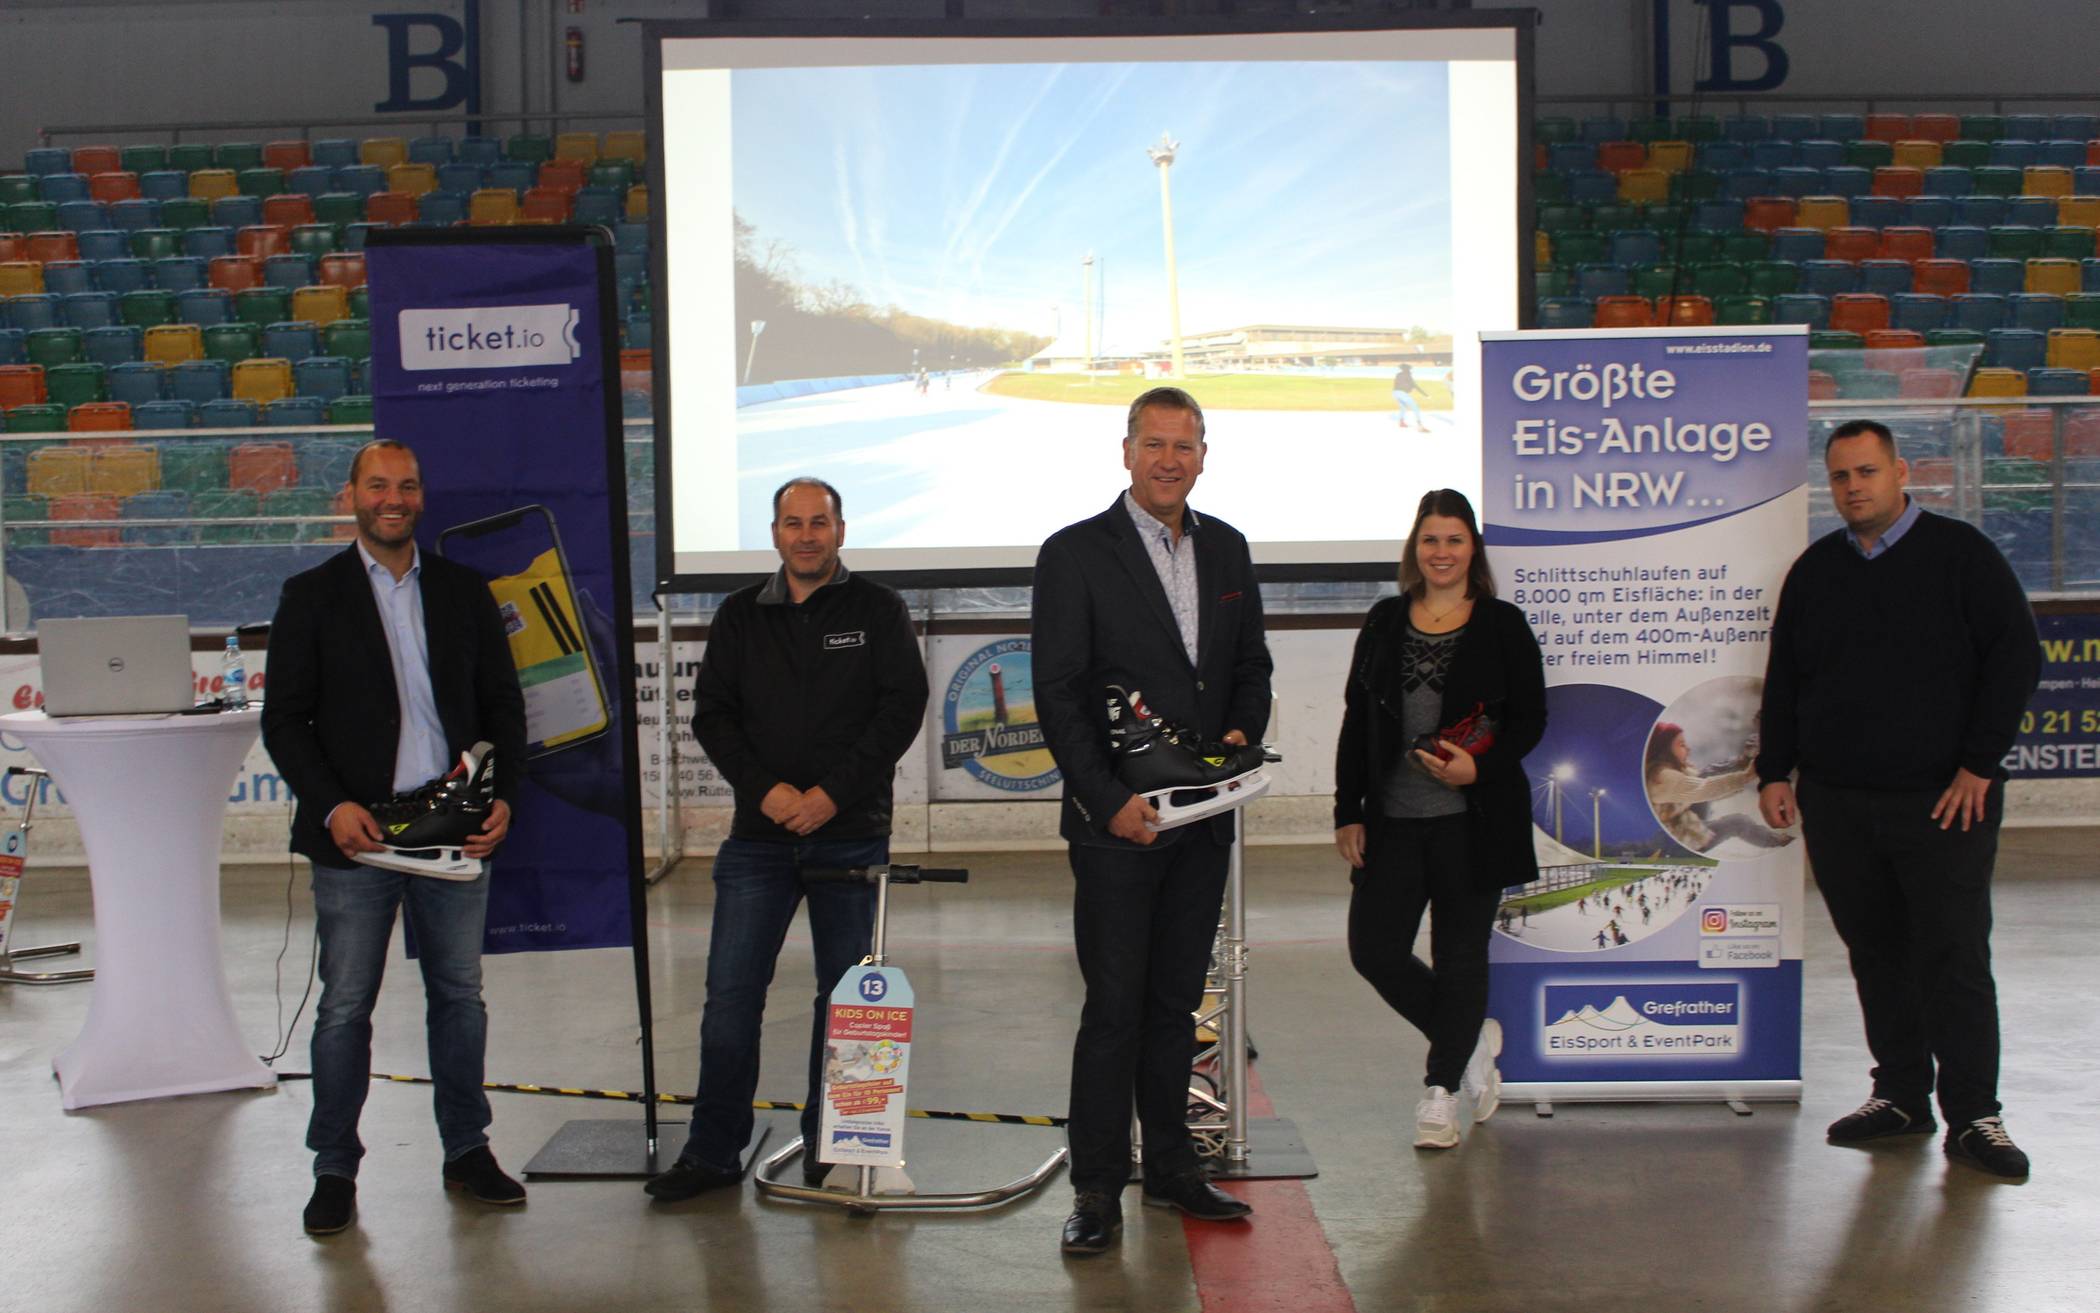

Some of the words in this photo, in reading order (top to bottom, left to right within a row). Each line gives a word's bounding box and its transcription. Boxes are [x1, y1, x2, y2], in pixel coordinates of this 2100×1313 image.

[1694, 0, 1790, 92] B
[372, 13, 469, 113] B
[426, 322, 545, 351] ticket.io
[418, 381, 443, 393] next
[446, 379, 507, 393] generation
[509, 376, 560, 388] ticketing
[1512, 362, 1677, 408] Größte
[1512, 416, 1773, 462] Eis-Anlage
[1513, 473, 1555, 510] in
[1573, 471, 1725, 509] NRW...
[1514, 566, 1691, 584] Schlittschuhlaufen
[1697, 564, 1728, 581] auf
[1514, 588, 1572, 604] 8.000
[1577, 589, 1605, 606] qm
[1612, 586, 1703, 603] Eisfläche:
[1709, 586, 1726, 602] in
[1732, 585, 1764, 601] der
[1524, 609, 1567, 627] alle,
[1573, 608, 1623, 625] unter
[1629, 607, 1669, 623] dem
[1675, 606, 1772, 624] Außenzelt
[1554, 629, 1584, 645] auf
[1590, 628, 1629, 645] dem
[1542, 653, 1564, 667] ter
[1571, 650, 1630, 666] freiem
[1637, 649, 1717, 665] Himmel!
[947, 649, 993, 702] ORIGINAL
[2042, 711, 2071, 733] 21
[950, 738, 981, 754] DER
[2001, 745, 2100, 770] ENSTE
[1727, 950, 1774, 960] Facebook
[862, 979, 884, 996] 13
[835, 1008, 863, 1019] KIDS
[866, 1010, 884, 1020] ON
[887, 1011, 908, 1021] ICE
[1643, 1000, 1734, 1017] Grefrather
[1550, 1035, 1622, 1051] EisSport
[1627, 1036, 1638, 1048] &
[1643, 1034, 1733, 1048] EventPark

⁂

Your task: All the records need to be set down word for word, with the images left out.

Answer to this task:
Some of the words in this photo, in reading order (top to bottom, left to right within a row). Each line gives a word's bounding box and its transcription. Boxes are [x1, y1, x2, y2], in pixel coordinates of this 2100×1313 image.

[1694, 0, 1790, 92] B
[372, 13, 469, 113] B
[426, 322, 545, 351] ticket.io
[418, 381, 443, 393] next
[446, 379, 507, 393] generation
[509, 376, 560, 388] ticketing
[1512, 362, 1677, 408] Größte
[1512, 416, 1773, 462] Eis-Anlage
[1513, 473, 1555, 510] in
[1573, 471, 1725, 509] NRW...
[1514, 566, 1691, 584] Schlittschuhlaufen
[1697, 564, 1728, 581] auf
[1514, 588, 1572, 604] 8.000
[1577, 589, 1605, 606] qm
[1612, 586, 1703, 603] Eisfläche:
[1709, 586, 1726, 602] in
[1732, 585, 1764, 601] der
[1524, 609, 1567, 627] alle,
[1573, 608, 1623, 625] unter
[1629, 607, 1669, 623] dem
[1675, 606, 1772, 624] Außenzelt
[1554, 629, 1584, 645] auf
[1590, 628, 1629, 645] dem
[1542, 653, 1564, 667] ter
[1571, 650, 1630, 666] freiem
[1637, 649, 1717, 665] Himmel!
[947, 649, 993, 702] ORIGINAL
[2042, 711, 2071, 733] 21
[950, 738, 981, 754] DER
[2001, 745, 2100, 770] ENSTE
[1727, 950, 1774, 960] Facebook
[862, 979, 884, 996] 13
[835, 1008, 863, 1019] KIDS
[866, 1010, 884, 1020] ON
[887, 1011, 908, 1021] ICE
[1643, 1000, 1734, 1017] Grefrather
[1550, 1035, 1622, 1051] EisSport
[1627, 1036, 1638, 1048] &
[1643, 1034, 1733, 1048] EventPark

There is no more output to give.